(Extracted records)
[Start of section]

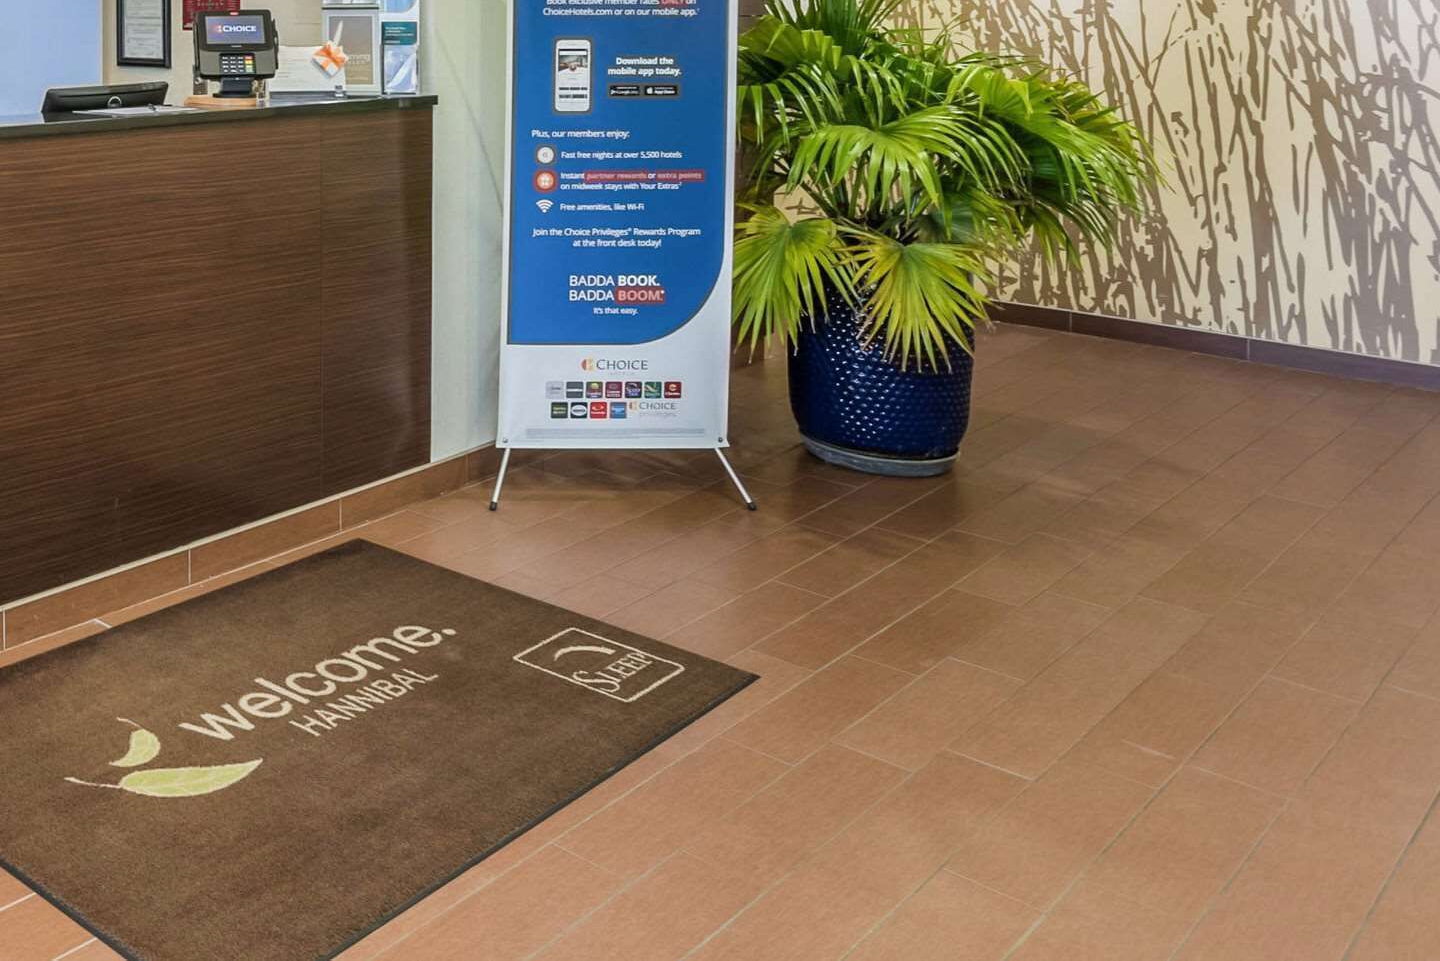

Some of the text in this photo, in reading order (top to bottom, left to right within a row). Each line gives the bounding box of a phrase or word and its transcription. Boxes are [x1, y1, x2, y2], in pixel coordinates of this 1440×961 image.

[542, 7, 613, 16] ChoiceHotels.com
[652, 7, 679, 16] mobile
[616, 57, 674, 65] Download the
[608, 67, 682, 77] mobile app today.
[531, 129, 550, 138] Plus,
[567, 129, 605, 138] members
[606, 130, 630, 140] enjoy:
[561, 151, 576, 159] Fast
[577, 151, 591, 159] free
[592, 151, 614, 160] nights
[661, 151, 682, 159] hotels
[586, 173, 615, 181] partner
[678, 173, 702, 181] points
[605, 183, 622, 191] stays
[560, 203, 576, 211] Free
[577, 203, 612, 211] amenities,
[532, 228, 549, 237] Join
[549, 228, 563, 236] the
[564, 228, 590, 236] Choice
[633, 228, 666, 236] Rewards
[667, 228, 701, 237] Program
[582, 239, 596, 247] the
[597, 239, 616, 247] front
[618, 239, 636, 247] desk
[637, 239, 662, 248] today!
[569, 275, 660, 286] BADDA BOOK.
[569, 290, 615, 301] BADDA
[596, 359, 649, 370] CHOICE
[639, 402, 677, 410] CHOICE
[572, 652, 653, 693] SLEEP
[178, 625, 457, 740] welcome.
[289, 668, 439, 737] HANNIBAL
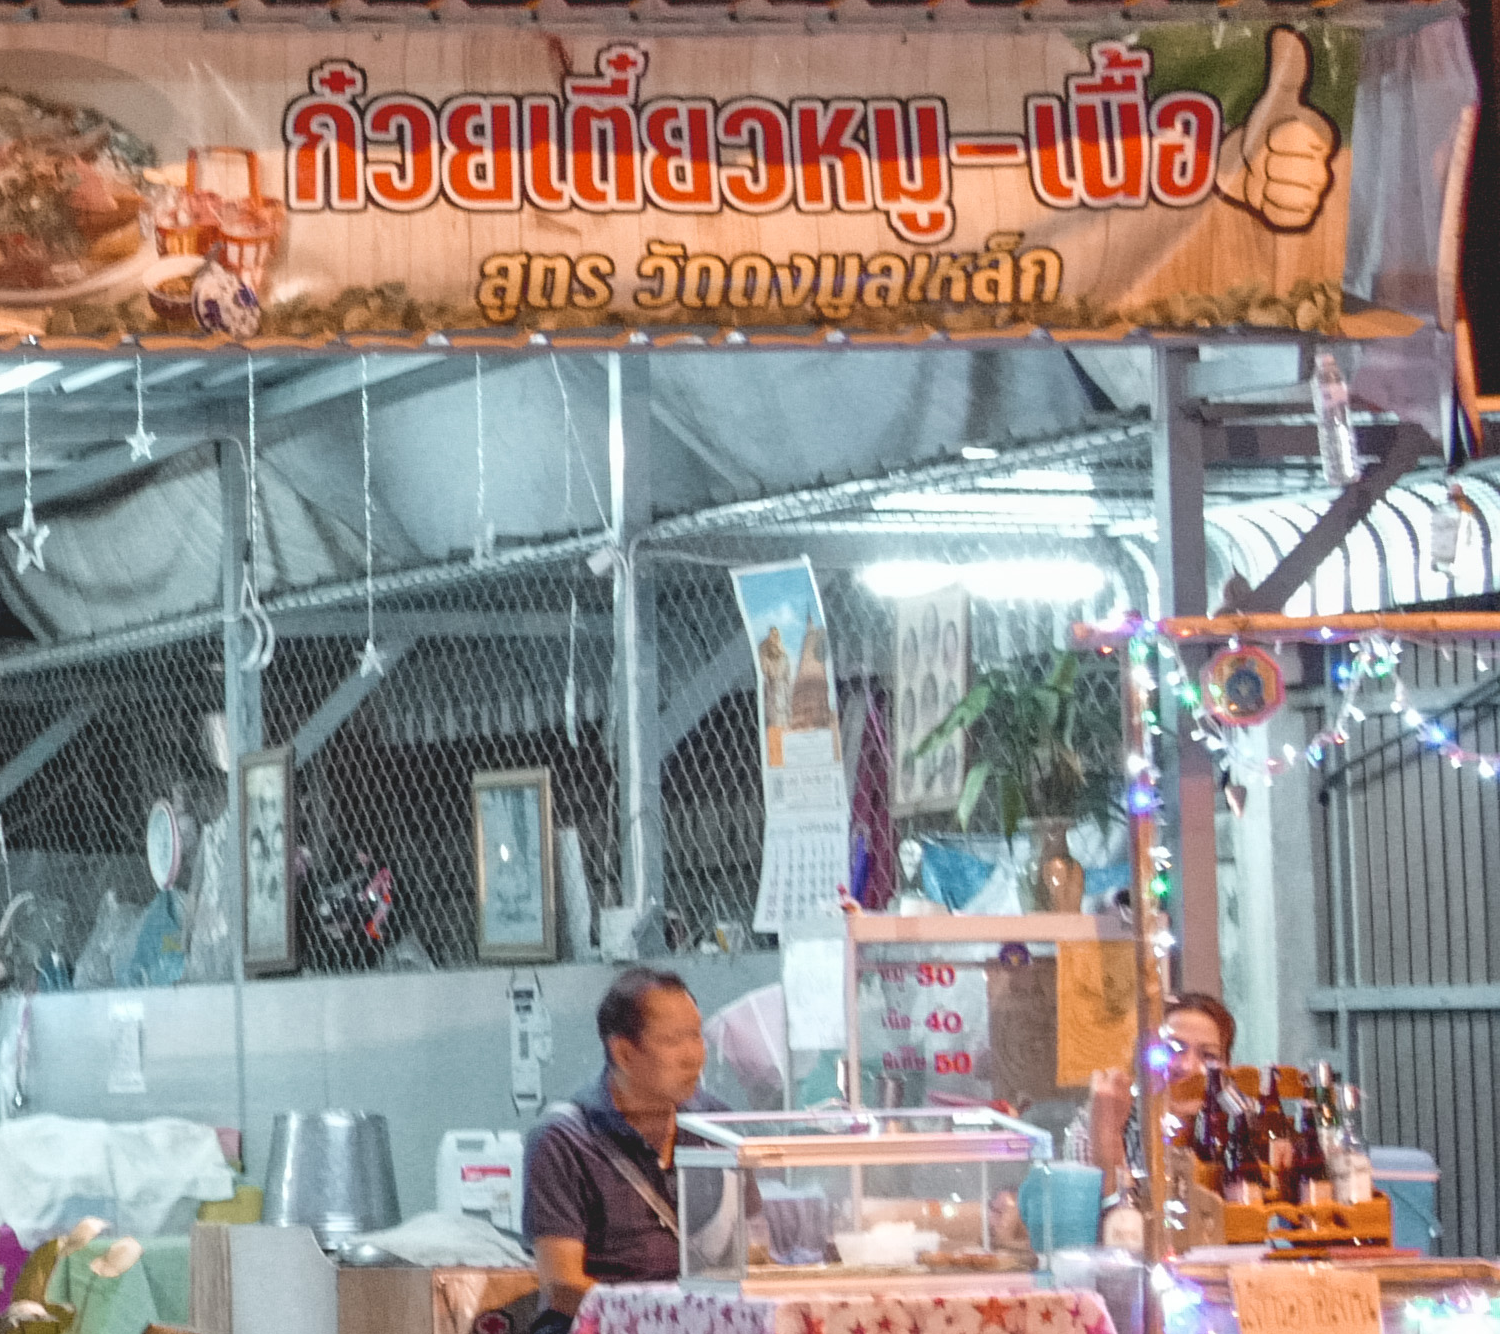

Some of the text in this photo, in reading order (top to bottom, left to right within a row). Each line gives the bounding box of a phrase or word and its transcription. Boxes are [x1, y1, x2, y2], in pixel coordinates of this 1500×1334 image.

[End of section]

Exercise objective ::
All records should be output exactly, with the pictures left out.

Expected output ::
Some of the text in this photo, in reading order (top to bottom, left to right within a row). Each line gives the bounding box of a phrase or word and its transcription. Boxes are [x1, y1, x2, y2], in pixel coordinates of this 1440×961 image.

[542, 7, 613, 16] ChoiceHotels.com
[652, 7, 679, 16] mobile
[616, 57, 674, 65] Download the
[608, 67, 682, 77] mobile app today.
[531, 129, 550, 138] Plus,
[567, 129, 605, 138] members
[606, 130, 630, 140] enjoy:
[561, 151, 576, 159] Fast
[577, 151, 591, 159] free
[592, 151, 614, 160] nights
[661, 151, 682, 159] hotels
[586, 173, 615, 181] partner
[678, 173, 702, 181] points
[605, 183, 622, 191] stays
[560, 203, 576, 211] Free
[577, 203, 612, 211] amenities,
[532, 228, 549, 237] Join
[549, 228, 563, 236] the
[564, 228, 590, 236] Choice
[633, 228, 666, 236] Rewards
[667, 228, 701, 237] Program
[582, 239, 596, 247] the
[597, 239, 616, 247] front
[618, 239, 636, 247] desk
[637, 239, 662, 248] today!
[569, 275, 660, 286] BADDA BOOK.
[569, 290, 615, 301] BADDA
[596, 359, 649, 370] CHOICE
[639, 402, 677, 410] CHOICE
[572, 652, 653, 693] SLEEP
[178, 625, 457, 740] welcome.
[289, 668, 439, 737] HANNIBAL

Some of the text in this photo, in reading order (top to bottom, left to right within a row). Each line gives the bounding box of a phrase or word and its transcription. Boxes are [x1, y1, x2, y2], in pixel coordinates of this 1500×1334 image.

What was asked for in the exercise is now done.